Software Modules

Contents

 

Introduction

This document provides an overview of the Lmod software modules system, which allows user-controlled flexible usage of various software titles and versions, setting default software versions, and ease-of-use for user-installed software. The software modules are an improvement to the HBSGrid and will be fully integrated into the command-line and GUI user experience by the end of summer 2020.

About Software Modules

On the HBSGrid cluster, we have a variety of software applications available, including different versions of the same title and applications that are incompatible with one another. To ensure that users can access different titles, prevent conflicts, and set default versions of each software application, we accomplish this by using software modules.

After logging in to the cluster, one has a very basic software environment that provide little or no direct acces to research applications. One HBSGrid feature is the set of wrapper scripts, scripts found on the login nodes which provide a direct and seamless way to run an application on a compute node through a simple command or menu click. But these are hardcoded to specific titles / versions, to CPU cores and RAM, and provide little to no flexibility. With software modules, by loadingone or more modules for the applications, the programs are available to you /interactive-vs-batch-jobs. The modules update shell environment variables so that the system can find and use the applications of your choice. Modules replace the need for separate setup scripts, system-wide symlinks, and explicit export PATH= statement, all of which can cause problems for users.

Our implementation of environment modules uses Lmod software modules and the Bash shell, and this page provides more details: explanation of new features, the systematic naming and versioning convention, condensed Lmod details with HBS-specific information.

How to Use Modules

Note: At this time, the software module system is opt-in and is only accessible from the command-line. It will be phased in completely with the wrapper/default submission scripts by the end of the summer. To start using the module system, issue the command touch ~/.lmod-yes in a terminal when connected to the HBSGrid, and re-login. This one-time action is all that is needed!

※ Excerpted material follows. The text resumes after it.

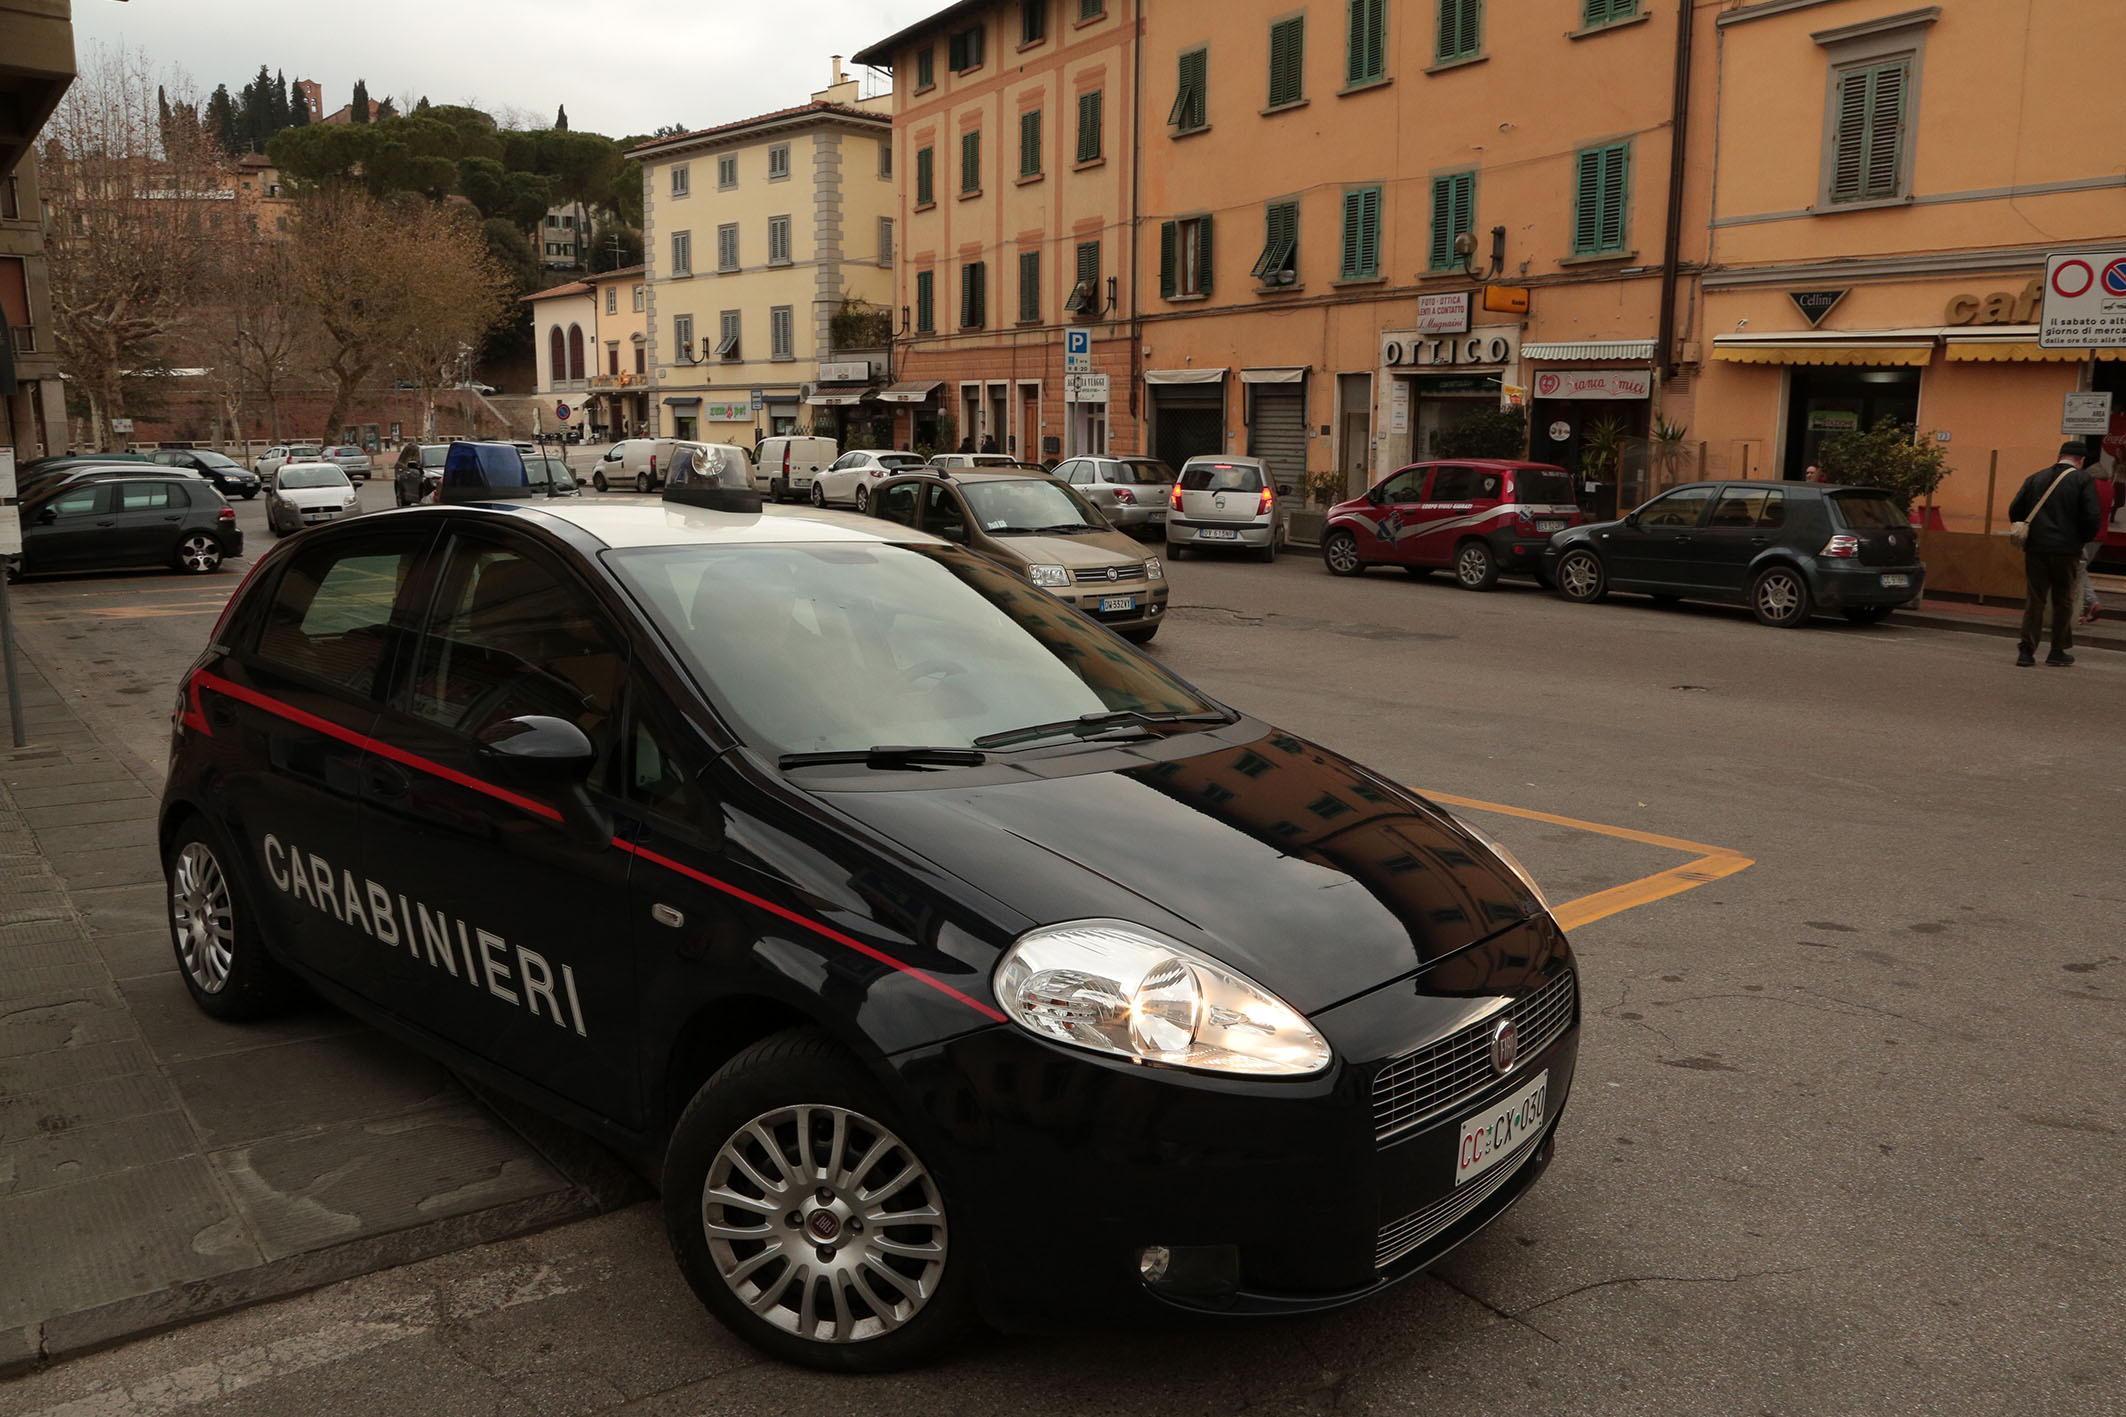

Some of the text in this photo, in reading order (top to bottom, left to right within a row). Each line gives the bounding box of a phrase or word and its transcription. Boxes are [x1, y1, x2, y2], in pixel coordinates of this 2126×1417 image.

You can load one or more modules using the module load [module(s) name] command. Some examples include:

$ module load matlab                                      # load default version
$ module load matlab/R2020a                               # load specific version
$ module load matlab/R2020a AMPL/20200501 gurobi/7.5.2    # multiple titles at once

Note: loading the default for a title may not be the latest version for that title.

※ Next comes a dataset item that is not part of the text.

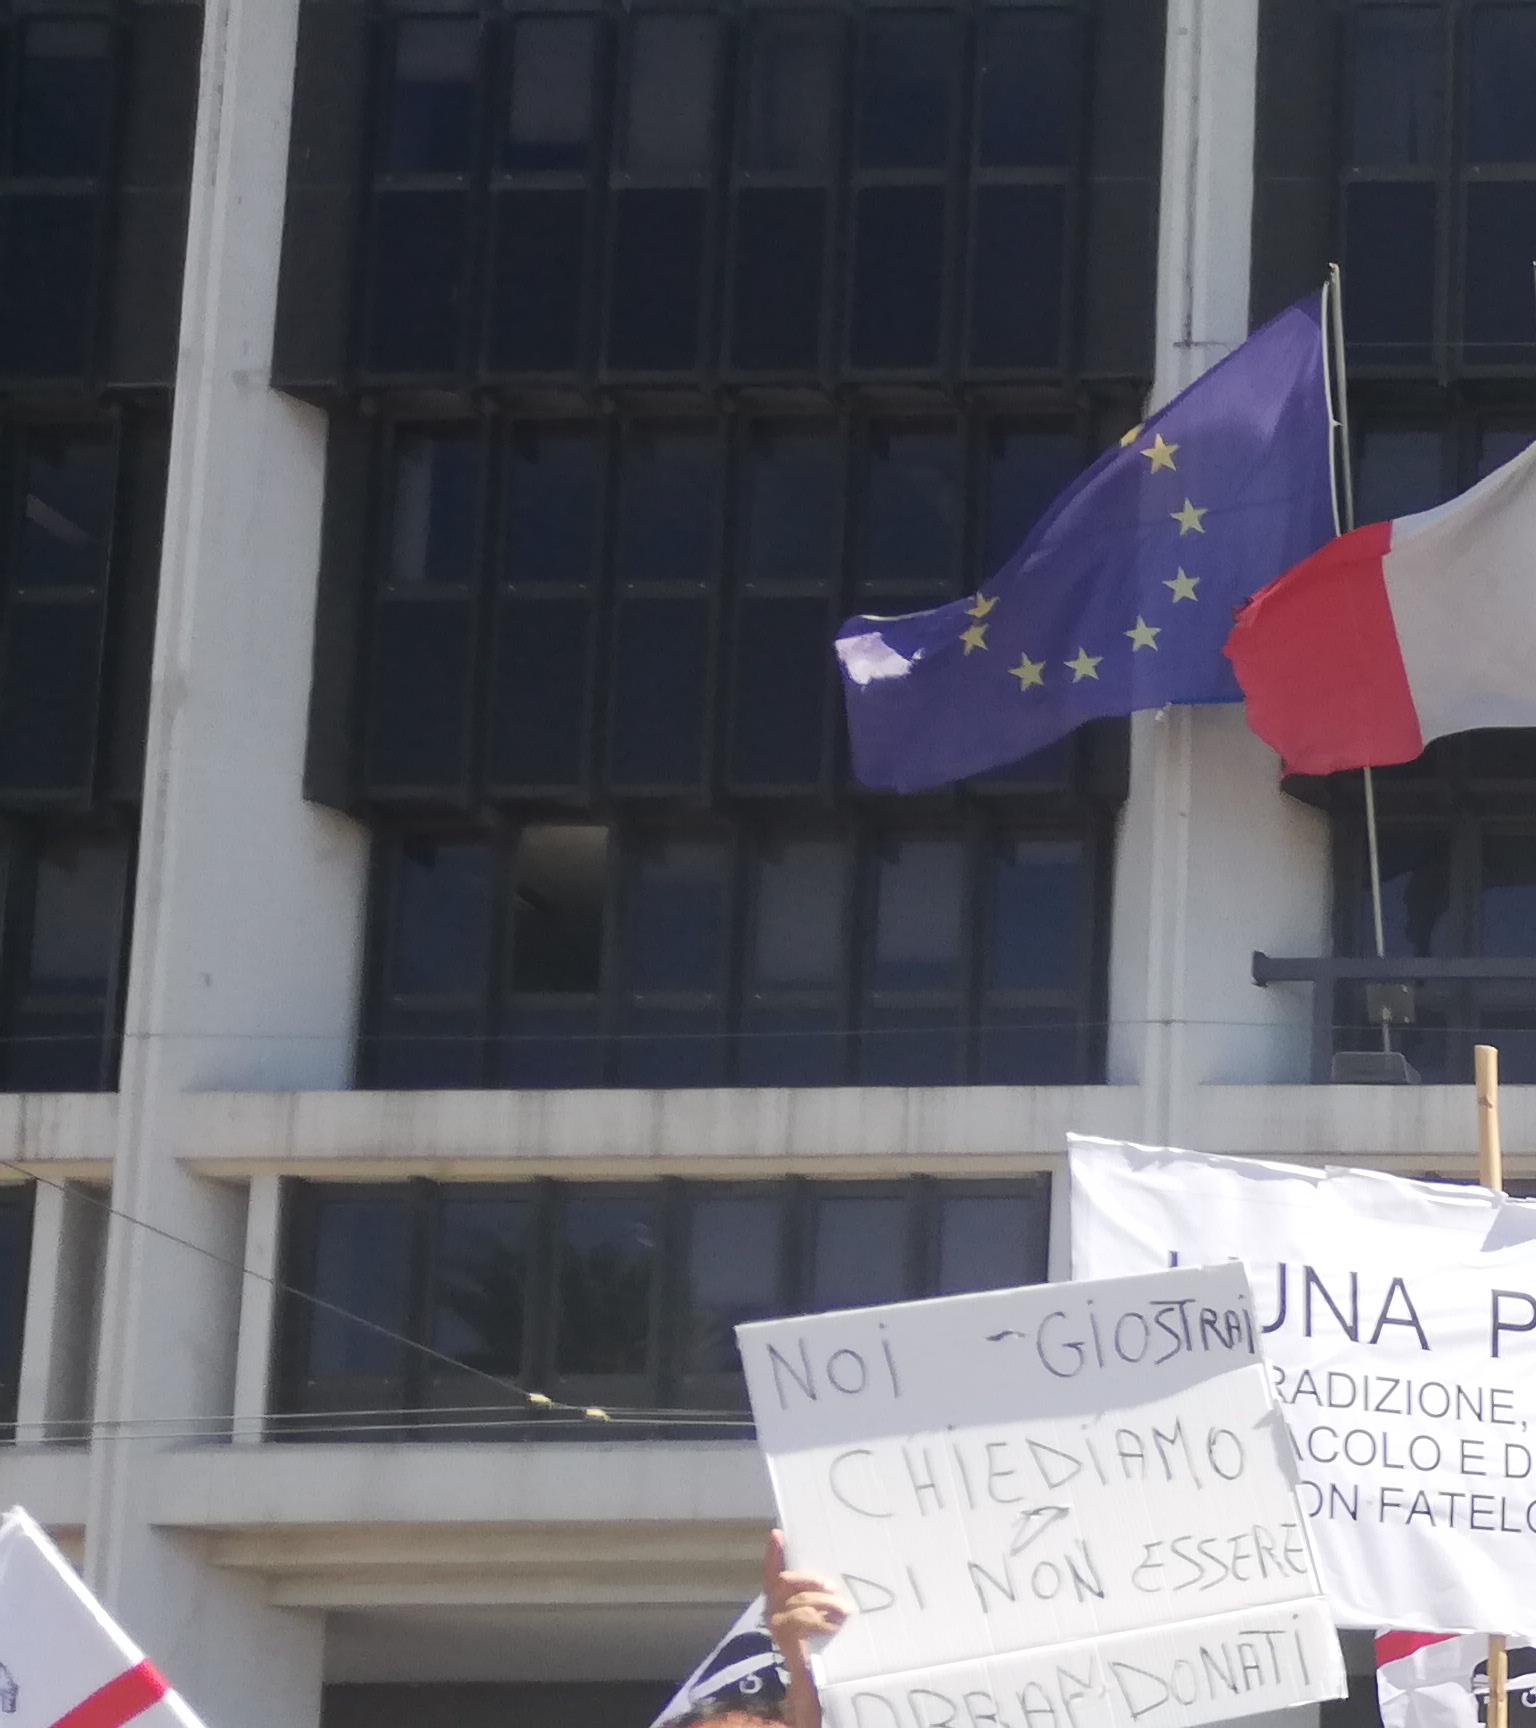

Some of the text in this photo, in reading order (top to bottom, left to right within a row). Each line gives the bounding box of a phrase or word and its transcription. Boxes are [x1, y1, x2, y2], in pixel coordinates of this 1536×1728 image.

[1272, 1367, 1530, 1433] RADIZIONE,
[828, 1413, 1247, 1518] CHIEDIAMO
[1460, 1440, 1487, 1477] E
[840, 1522, 1309, 1614] DI NON ESSERE

To see what modules you have loaded, use module list:

$ module list

Currently Loaded Modules:
  1) matlab/R2020a   2) AMPL/20200501   3) gurobi/7.5.2

To unload a module, use module unload [module name]:

$ module unload gurobi

To unload all modules currently loaded, use module purge:

$ module unload gurobi

If you are just beginning with modules, one can turn on 'novice' mode to get more information when using the commands:

$ module --novice

Note: After using modules for some time, you might be tempted to include module load directives in your ~/.bash_profile or ~/.bashrc login scripts. DON'T! Not only will this skew our metrics for what modules are being used, but this may unintentionally introduce problems or incompatibilities as modules and software evolve over time. It is good documentation and a best practice for research data management to include module loads in your (Bash) cluster submission scripts or in working environment setup scripts, especially if one might be sharing scripts with other persons or when submitting research for publication. 

Finding Modules

To search for specific software titles or modules use the command module spider [searchterm]:

$ module spider matlab

----------------------------------------------------------------------------
  matlab:
----------------------------------------------------------------------------
     Versions:
        matlab/R2017b
        matlab/R2018a
        matlab/R2019a
        matlab/R2020a

----------------------------------------------------------------------------
  For detailed information about a specific "matlab" module (including how to load the modules) use the module's full name.
  For example:

     $ module spider matlab/R2020a
----------------------------------------------------------------------------

If you find there are modules you need that are not available, you may either install the software for yourself, or let us know if there is software that you believe will benefit many users by submitting a software install request. Please give as many details as possible to facilitate the request.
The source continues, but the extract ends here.